*** Opening DATA EXCERPTS ***

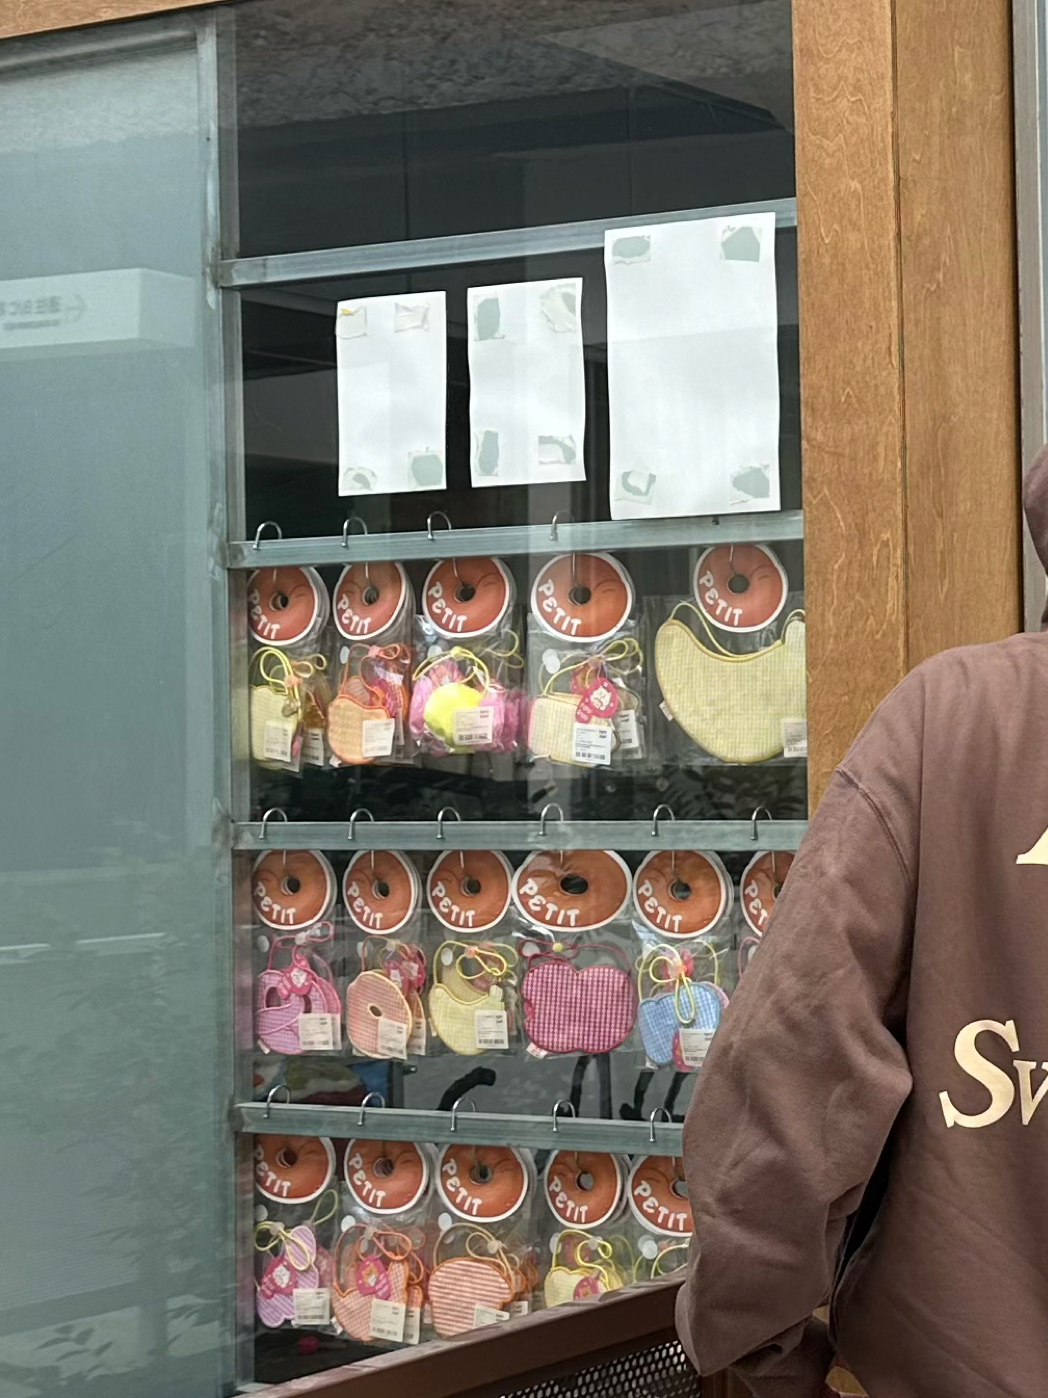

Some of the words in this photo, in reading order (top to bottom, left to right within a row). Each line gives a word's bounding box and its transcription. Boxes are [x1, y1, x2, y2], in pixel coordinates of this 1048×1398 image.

[338, 594, 371, 634] PETIT
[428, 581, 467, 632] PETIT
[538, 579, 582, 635] PETIT
[699, 570, 743, 627] PETIT
[254, 881, 296, 925] PETIT
[347, 881, 384, 929] PETIT
[432, 881, 475, 927] PETIT
[519, 878, 580, 926] PETIT
[638, 879, 682, 932] PETIT
[745, 880, 768, 926] PET
[349, 1153, 386, 1207] PETIT
[442, 1158, 482, 1215] PETIT
[549, 1176, 589, 1223] PETIT
[634, 1180, 688, 1231] PETIT

*** Closing DATA EXCERPTS ***

#### [WHAT YOU SHOULD DO]
Write the lines above out again exactly, excluding every picture.

#### [TASK RESULT]
Some of the words in this photo, in reading order (top to bottom, left to right within a row). Each line gives a word's bounding box and its transcription. Boxes are [x1, y1, x2, y2], in pixel coordinates of this 1048×1398 image.

[338, 594, 371, 634] PETIT
[428, 581, 467, 632] PETIT
[538, 579, 582, 635] PETIT
[699, 570, 743, 627] PETIT
[254, 881, 296, 925] PETIT
[347, 881, 384, 929] PETIT
[432, 881, 475, 927] PETIT
[519, 878, 580, 926] PETIT
[638, 879, 682, 932] PETIT
[745, 880, 768, 926] PET
[349, 1153, 386, 1207] PETIT
[442, 1158, 482, 1215] PETIT
[549, 1176, 589, 1223] PETIT
[634, 1180, 688, 1231] PETIT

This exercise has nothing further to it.